CEO’s review

CEO’s review

Half-year Financial Report 1-6/2021, 21 July 2021

The first half of the year was concluded as planned, and we made progress towards our strategic objectives. Significant successes during the review period included new financing arrangements, a reduction in indebtedness, and positive cash flow in the second quarter. Favourable earnings trends in operative business also continued. During the review period, we won several new projects, of which the most significant was Laakso Joint Hospital valued at a total of EUR 730 million. However, many of the projects we won will only be entered into our order backlog later, as the contracts are gradually confirmed.

We also completed significant new financing arrangements during the review period. The written procedure to extend the maturity of our two notes was successfully completed, and we agreed on new bank financing in the spirit of good cooperation. Both solutions led to longer loan periods that will enable long-term business development and give us more room to manoeuvre in furthering our strategic objectives. Our indebtedness decreased considerably thanks to both these financing arrangements and positive cash flow in the second quarter.  Excellent progress in housing sales was an essential component in improving cash flow, and also means that the number of completed unsold housing units is at an all-time low and will remain low until the end of the year.

Our ongoing projects mainly progressed according to plan, and favourable trends have continued in profitability. I am very pleased with how our personnel have acted during these exceptional circumstances, and the way they have ensured health security on our construction sites throughout the pandemic. The impacts of the pandemic have been moderate on the whole, but its effects on the construction market are still unclear and cloud the outlook for the future.

Relative profitability will probably weaken slightly during the latter half of the year. The reason for this trend is the high share of generated revenue accounted for by two large low-margin projects, Loisto and Tampere Arena. On the other hand, when Loisto will be recognised as income, it will release a considerable amount of capital and generate significant cash flow. In addition, the lessons learned from the construction and planning solutions we have used in high-rise construction will also be valuable in our future high-rise projects. Also, a sharp rise in the market prices of materials during the spring poses challenges in maintaining our favourable trends in profitability, but we expect the impact to be temporary.

We entered new projects valued at about EUR 260 million into the order backlog in January–June, including both housing projects and the construction and renovation of business premises.  Our order backlog has decreased on the comparison period. However, at the same time, we have won projects that will increase our order backlog in the future, such as the Laakso Joint Hospital project, which will be entered into SRV’s order backlog in stages during 2021–2028. After the review period, we announced the construction of housing projects in the Helsinki Metropolitan Area for DWS Institutional Funds. The total value of these projects is EUR 82 million. This agreement is particularly important for us, as it will enable us to build energy-efficient housing units in accordance with our lifecycle-wise strategy.
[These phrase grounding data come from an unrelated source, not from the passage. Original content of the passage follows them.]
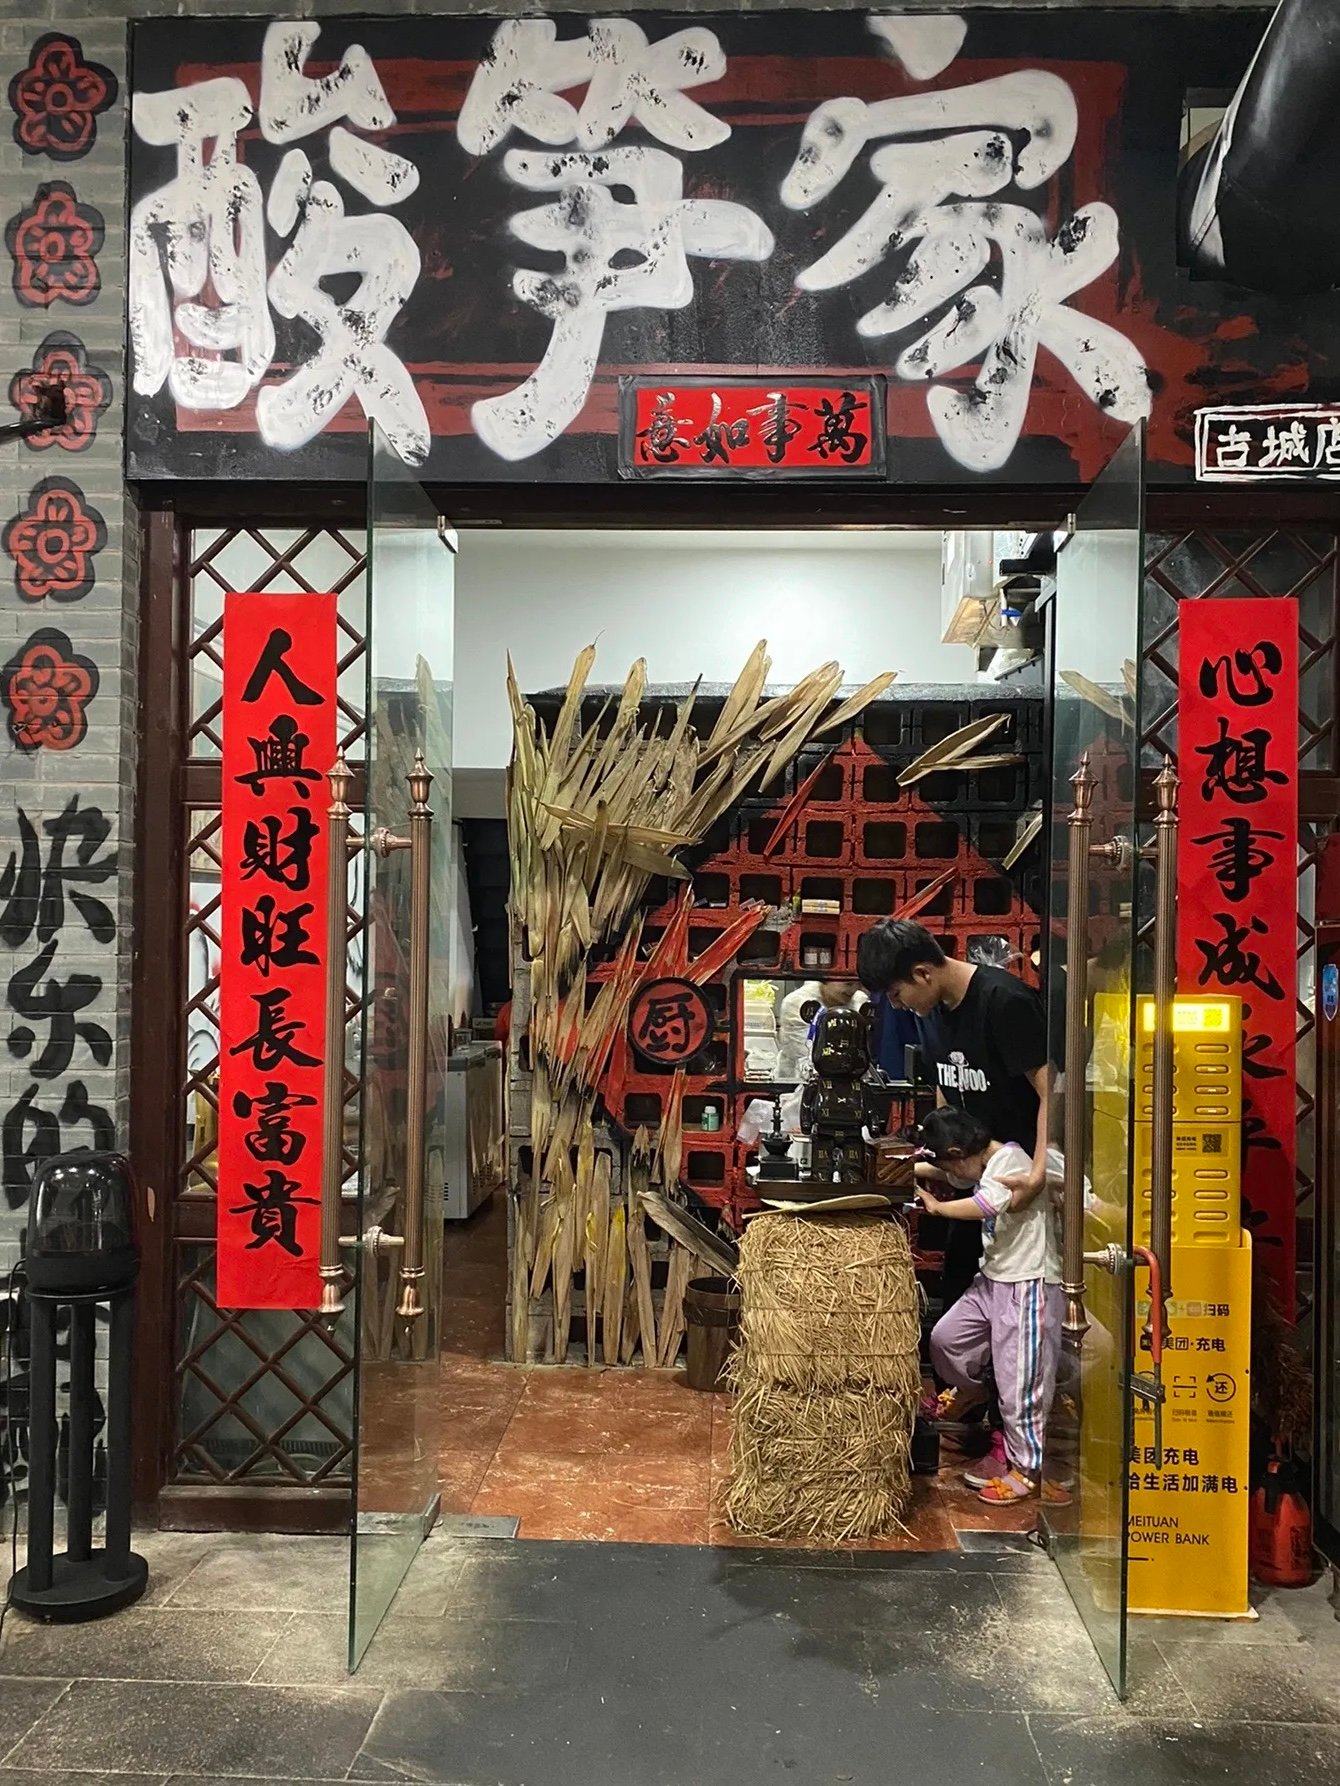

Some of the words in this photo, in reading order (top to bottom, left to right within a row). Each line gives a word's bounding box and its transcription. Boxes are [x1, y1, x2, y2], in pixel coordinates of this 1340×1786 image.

[131, 15, 1153, 472] 酸笋家
[228, 628, 327, 1257] 人興財旺長富貴
[638, 991, 696, 1054] 厨
[936, 1062, 958, 1088] THE
[1204, 1303, 1230, 1317] 扫码
[1214, 1381, 1228, 1395] 还
[1175, 1533, 1210, 1545] BANK
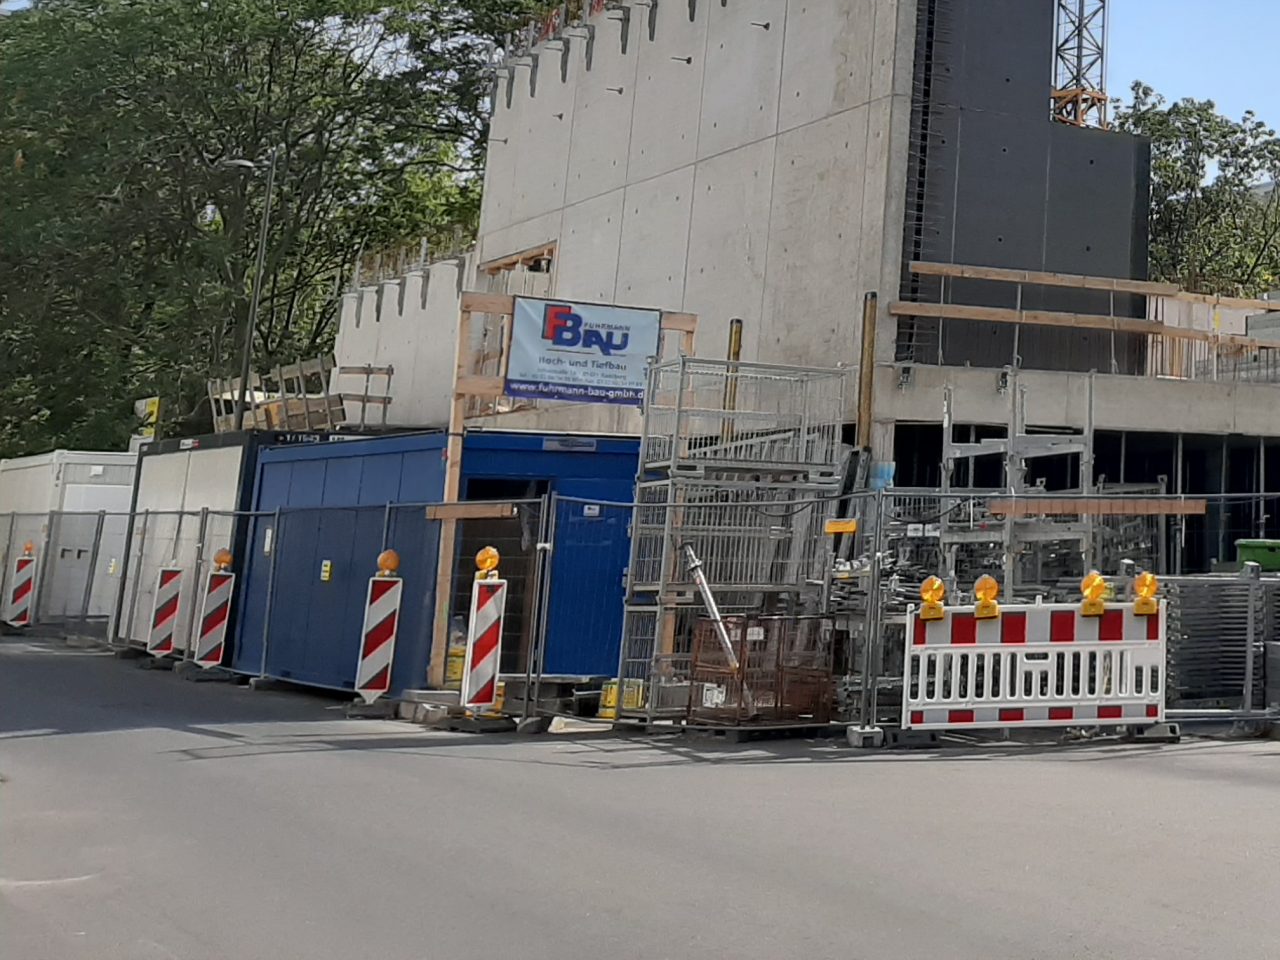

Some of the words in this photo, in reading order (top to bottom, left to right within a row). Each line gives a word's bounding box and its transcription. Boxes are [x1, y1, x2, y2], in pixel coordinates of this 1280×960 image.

[569, 359, 588, 368] und
[591, 360, 627, 371] Tiefbau
[509, 381, 644, 399] www.fuhrmann-bau-gmbh.d
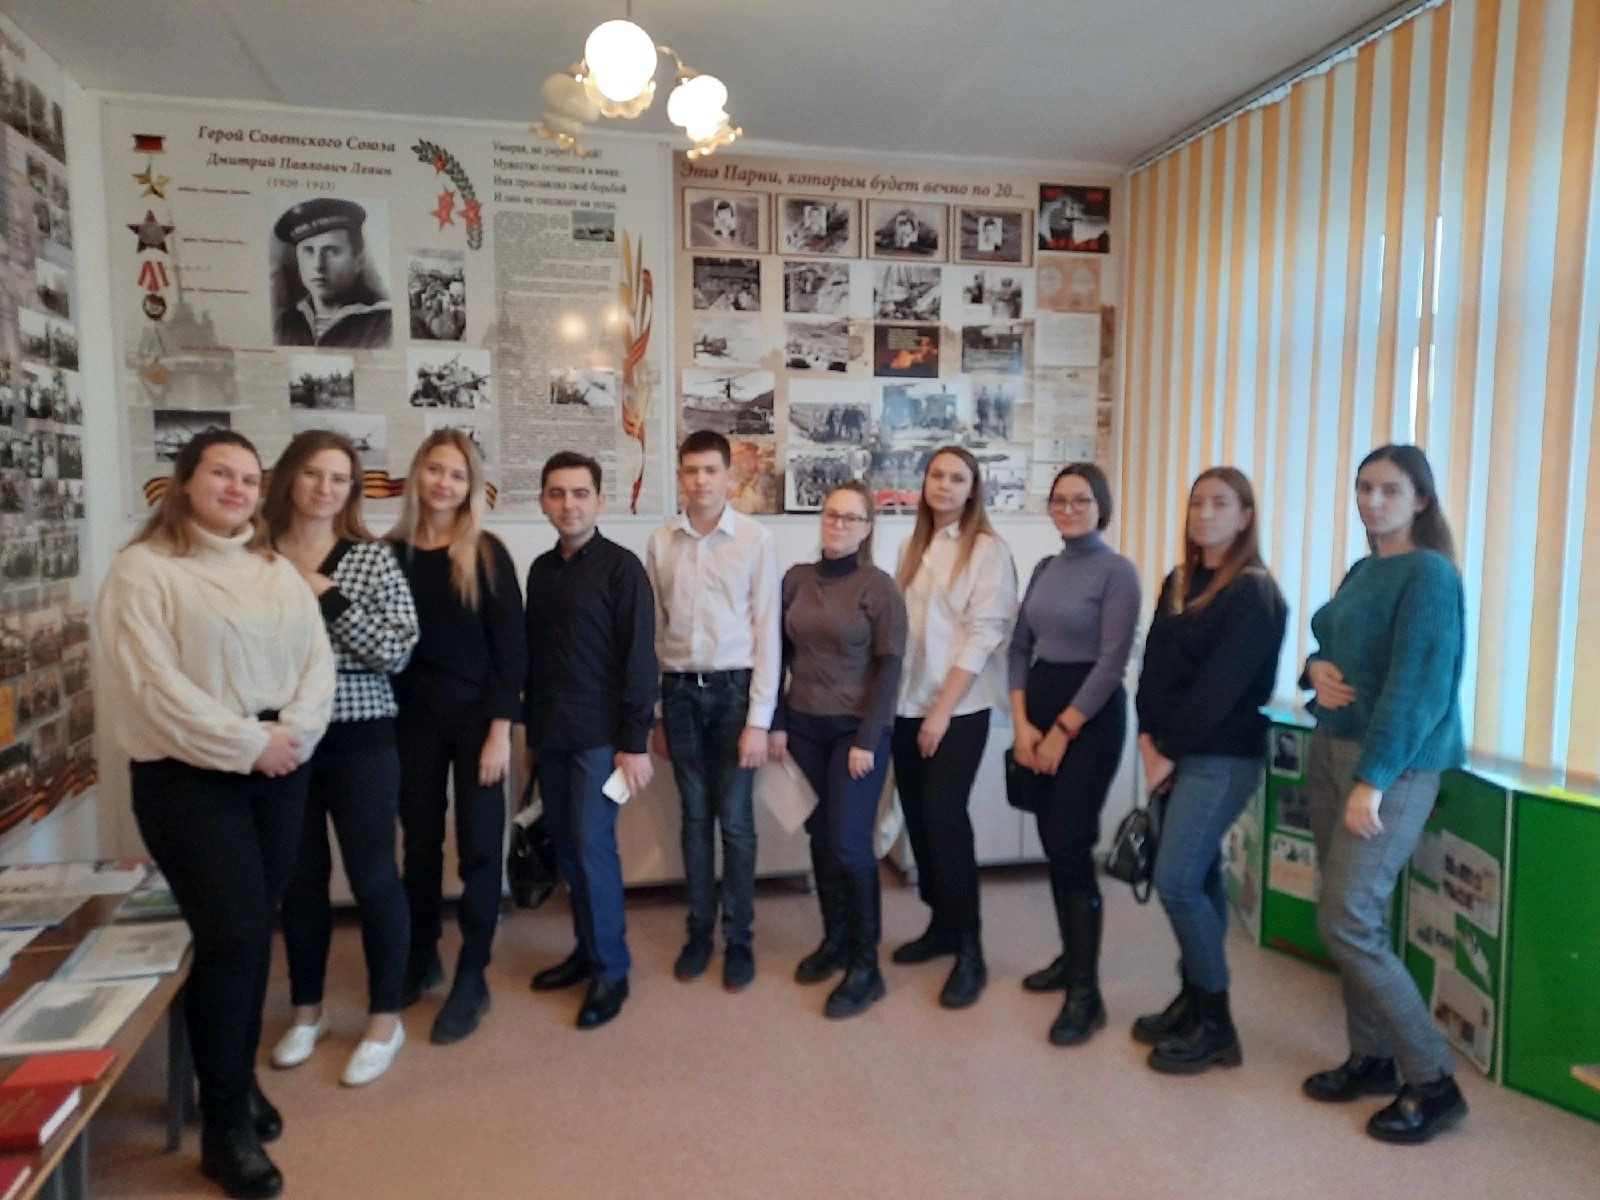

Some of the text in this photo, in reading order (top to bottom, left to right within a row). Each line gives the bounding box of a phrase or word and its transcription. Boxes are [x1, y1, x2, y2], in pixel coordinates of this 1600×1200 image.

The agreement also reflects ongoing strong demand for housing units among investors, without which Finland’s urbanisation trend would not continue.

Housing sales have remained brisk and we have only 14 completed unsold units. In June, we sold all of our completed unsold housing units outside the Helsinki Metropolitan Area to a fund managed by S-Bank. The sale of Loisto in Helsinki is proceeding excellently and over 96 per cent of its apartments have now been sold or reserved. During the review period, we launched the construction of four developer-contracted residential projects in Vantaa, Oulu, Kaarina and Tampere. Most of these housing units will be recognised as income in 2022. To ensure that our housing construction is diverse and well balanced, we will also be increasing the number of good developer-contracted projects alongside projects sold to investors in a controlled manner.

Favourable trends were seen in sales at Russian shopping centres during the first half of the year, with sales even exceeding 2019 levels (which is a more relevant comparison year than the pandemic year of 2020). However, the coronavirus pandemic is still being reflected in visitor numbers, which remain lower than before the pandemic. The realisation of risks associated with virus variants will also impact sales and visitor numbers during the latter half of the year.

All in all, we are well-poised to continue developing our operative earnings performance and business in line with our strategy. I would like to thank our personnel for their firm commitment and excellent work. And at the same time, I would like to welcome two new members to SRV’s Corporate Executive Team: Anu Tuomola, Senior Vice President, General Counsel, and Jorma Seppä, Senior Vice President, Housing, Helsinki Metropolitan Area.